- **EXERCISE DETAILS**:
Transcribe the entries below with complete accuracy, excluding the pictures.

(Stored items)
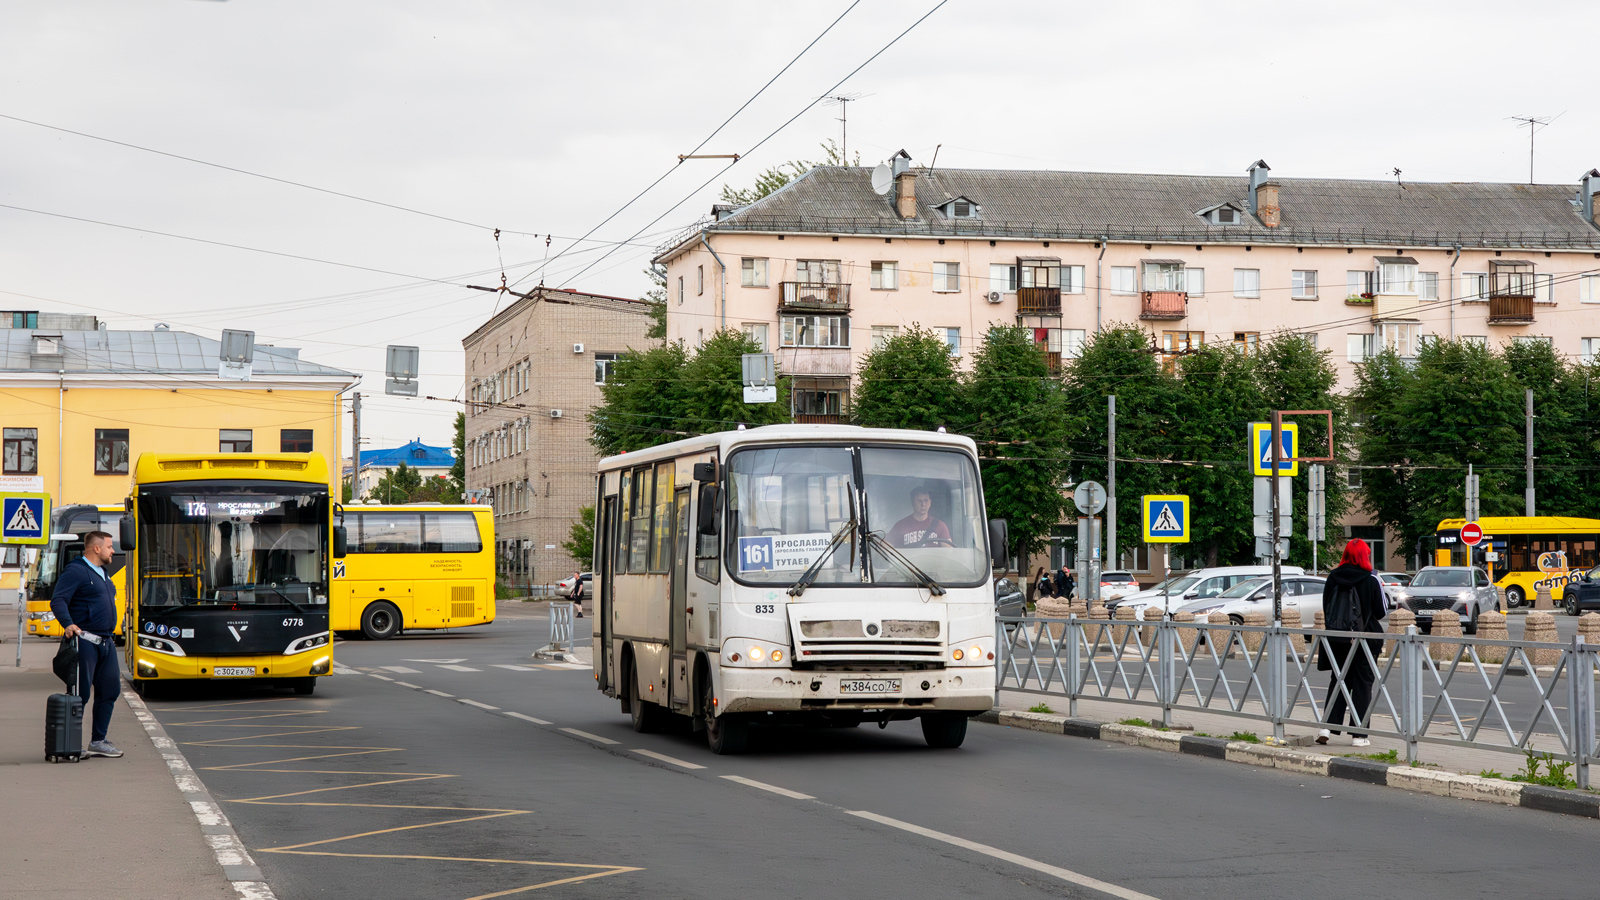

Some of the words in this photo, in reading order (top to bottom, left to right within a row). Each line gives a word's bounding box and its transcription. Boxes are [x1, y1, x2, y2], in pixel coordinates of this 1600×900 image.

[187, 502, 206, 516] 176
[775, 539, 830, 548] ЯРОСЛАВЛЬ
[743, 544, 769, 564] 161
[775, 558, 809, 566] ТУТАЕВ
[755, 605, 774, 613] 833
[282, 618, 304, 627] 6778
[844, 681, 885, 692] М384СО
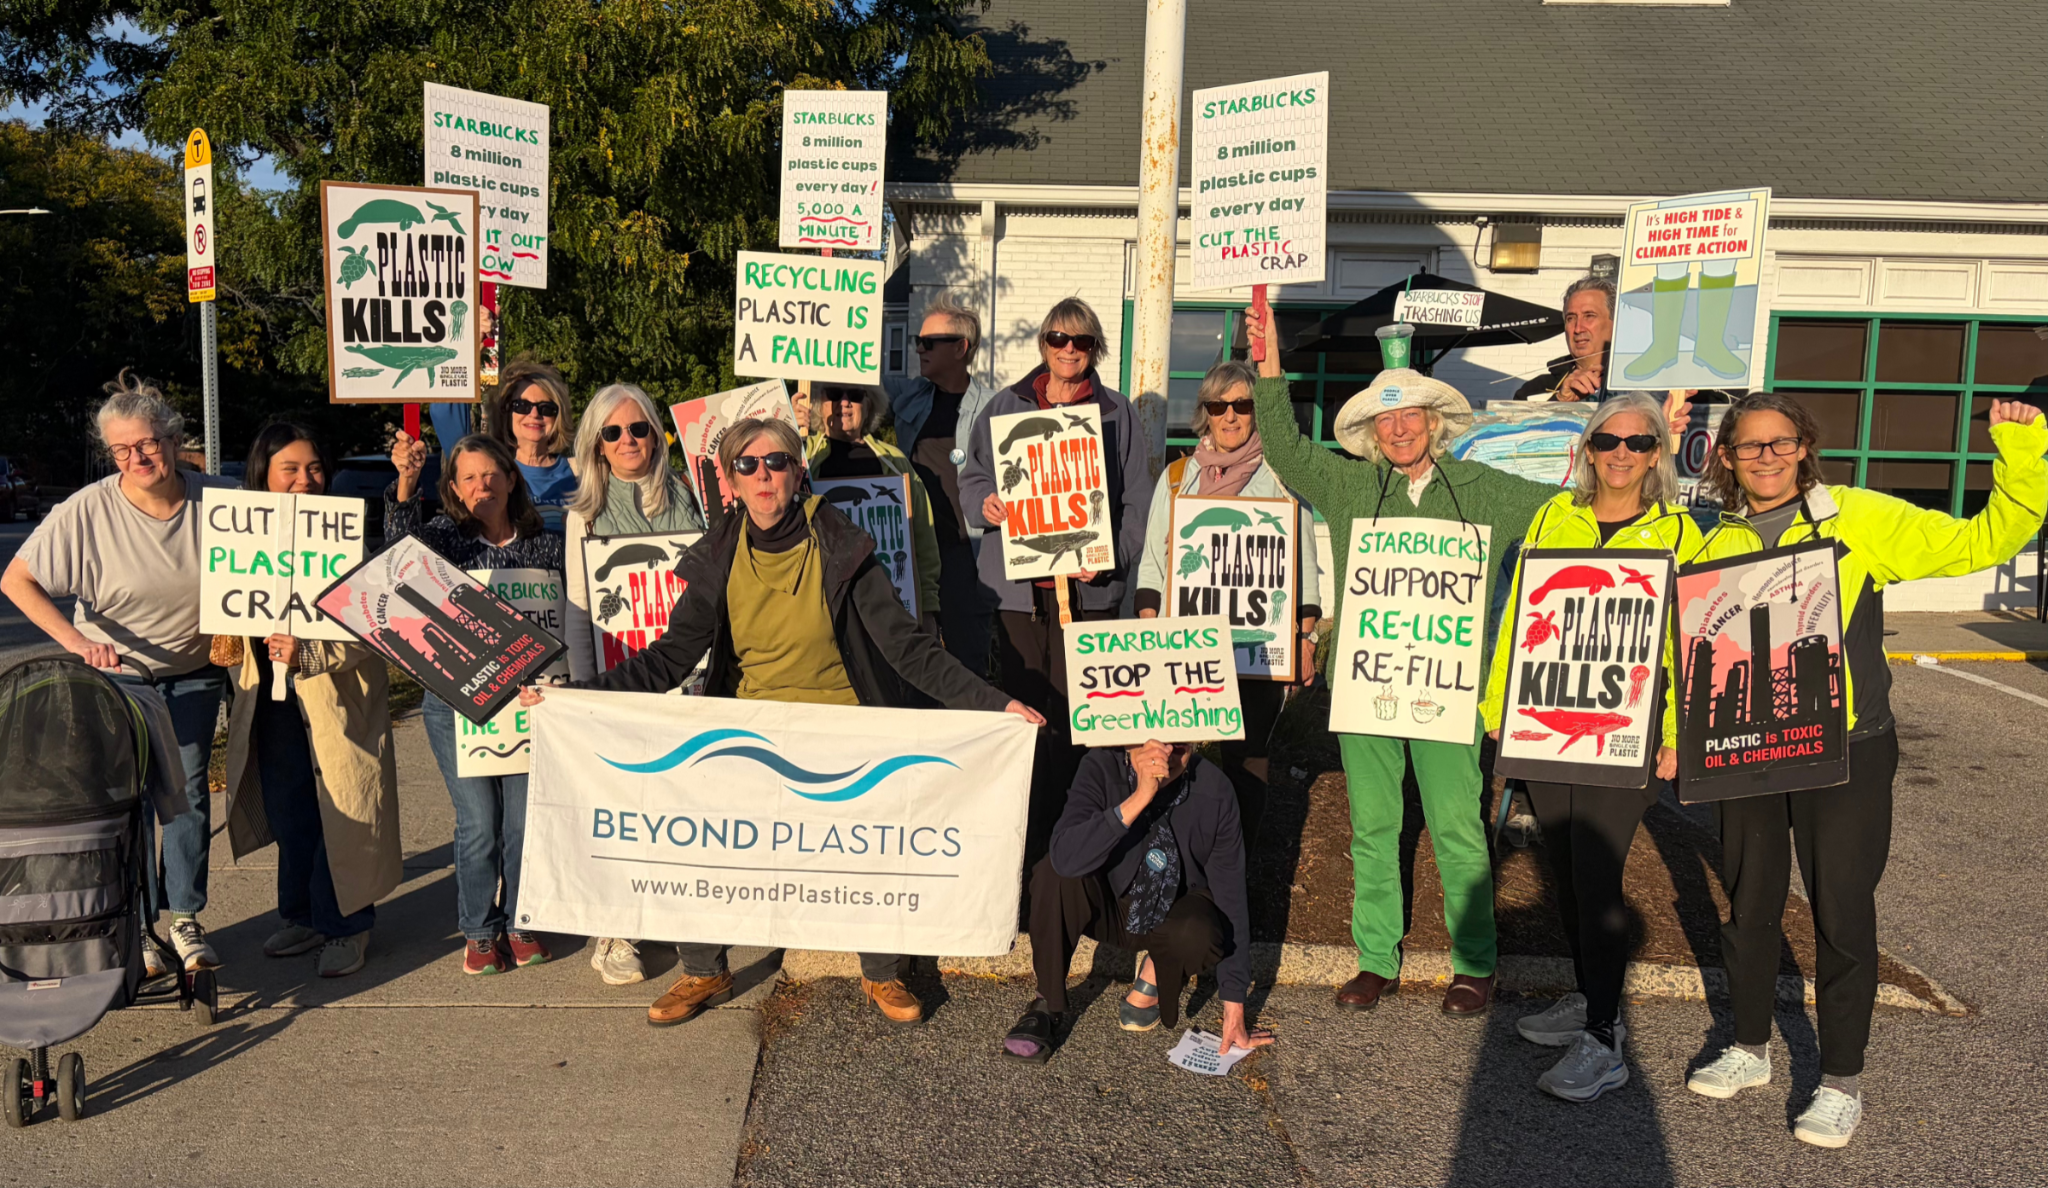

- **WORKED SOLUTION**:
Some of the words in this photo, in reading order (top to bottom, left to right within a row). Each line gives a word's bounding box and its transcription. Boxes are [x1, y1, x2, y2], in pixel coordinates of this 1600×900 image.

[187, 502, 206, 516] 176
[775, 539, 830, 548] ЯРОСЛАВЛЬ
[743, 544, 769, 564] 161
[775, 558, 809, 566] ТУТАЕВ
[755, 605, 774, 613] 833
[282, 618, 304, 627] 6778
[844, 681, 885, 692] М384СО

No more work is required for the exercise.